Urethral bulking therapy is a minimally invasive treatment option for SUI. It has several benefits in comparison to other surgical options, including that it can be performed under local analgesia in an outpatient setting and that it has a shorter recovery period. During the procedure, material is injected just underneath the mucosa of the urethra. In some procedures, the bulking agent is injected through the vaginal wall (e.g. Urolastic™), while in others the injection is made via the urethral lumen (e.g. Bulkamid®, Macroplastique™). In each case, the aim is to place several deposits of the bulking agent in the urethral submucosa between the midurethral level and the bladder neck. The number of injections and volume of bulking agents employed vary between and within bulking therapies. Prior to patient discharge, post‐void residual volume must be recorded. Catheterisation may be necessary for urinary retention.

After the procedure, patients may have a bruised feeling, haematuria or painful micturition for a few days and may have a period of lifestyle restrictions (e.g. avoiding heavy lifting, physical exercise and swimming). It is common for patients to undergo repeat injections over time to accomplish satisfactory results. The number of reinjections varies widely between (or across) studies. Results of a systematic review showed reinjection rates of polyacrylamide hydrogel (Bulkamid®) and polydimethylsiloxane (Macroplastique™) to be between 5% to 65% and 9% to 44% respectively (Siddiqui 2017). The most common adverse events associated with urethral bulking agents are urinary retention, transient haematuria, dysuria, pain, dyspareunia, urinary tract infections, urgency incontinence and extrusion, exposure or erosion of the bulk material (de Vries 2018b).

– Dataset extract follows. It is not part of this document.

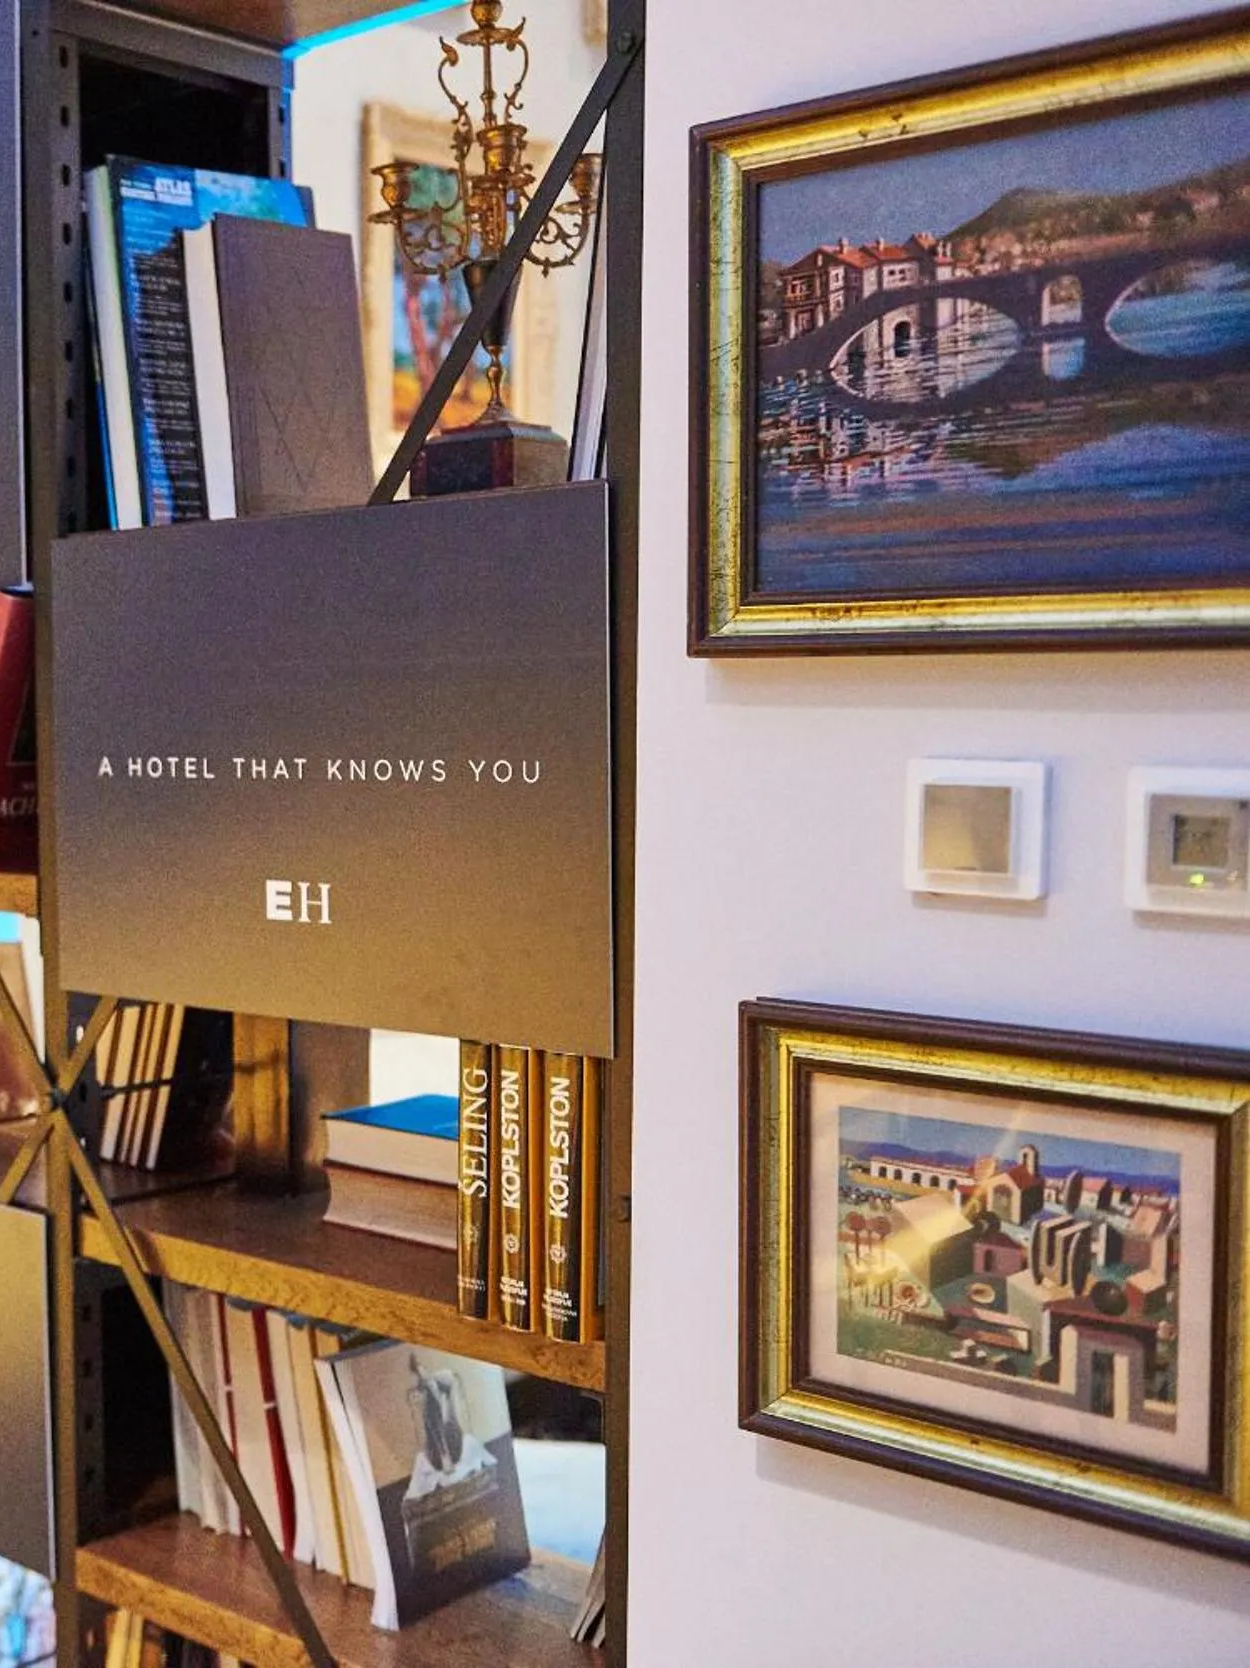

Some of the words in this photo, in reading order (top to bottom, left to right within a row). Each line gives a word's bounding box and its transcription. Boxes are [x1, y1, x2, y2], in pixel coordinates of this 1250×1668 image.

Since the first bulk injections for women with SUI were performed in 1938, different bulking agents have been introduced to the market. However, the following bulking agents have been withdrawn due to serious adverse events: Zuidex™, due to the formation of pseudo‐abscesses (Lightner 2009); Teflon™ due to migration of particles (Malizia 1984); autologous fat due to pulmonary embolisms (Lee 2001); Tegress™ and Uryx™ due to urethral erosion (Hurtado 2009); and Contigen™ due to skin reactions. Currently, six urethral bulking agents for SUI are available (see Appendix 2). The material used for bulking agents varies among manufacturers and can be divided roughly into synthetic material (e.g. silicon particles, hydrogel) or biological material (e.g. collagen). Most synthetic materials consist of particles suspended in a biodegradable carrier gel, although some have a nonabsorbable homogenous structure.

Urethral bulking therapy is often offered to older women, women with comorbidities or with a high BMI; or after unsuccessful surgery, as these characteristics can hinder operational techniques or increase the chance of complications. Although little evidence is available concerning whether these patient groups benefit most from urethral bulking therapy, one post‐hoc analysis of a randomised controlled trial (RCT) that compared bulking agents hydrogel (Bulkamid®) and collagen gel (Contigen™) showed that older patients aged over 60 were more likely to be cured, compared to younger women (Elmelund 2019).

How the intervention might work

Urethral bulking therapy aims to improve sphincter function by increasing the co‐aptation of the urethral mucosa. The bulking material creates a filler that reduces the diameter of the lumen and increases flow resistance, thereby preventing leakage in patients with SUI.

Why it is important to do this review

It is important to determine whether there is evidence to justify any repositioning of urethral bulking therapy in patient pathways, particularly in light of recent clinical, medico‐legal and political concerns about midurethral mesh sling operations. In addition to updating the evidence and methodology in the previous Cochrane Review in this area (Kirchin 2017), this review will also include a brief economic commentary on costs and cost‐effectiveness (Aluko 2020).

Objectives

 

To assess the effects of urethral bulking injections for treating stress urinary incontinence in women; and summarise the principal findings of relevant economic evaluations.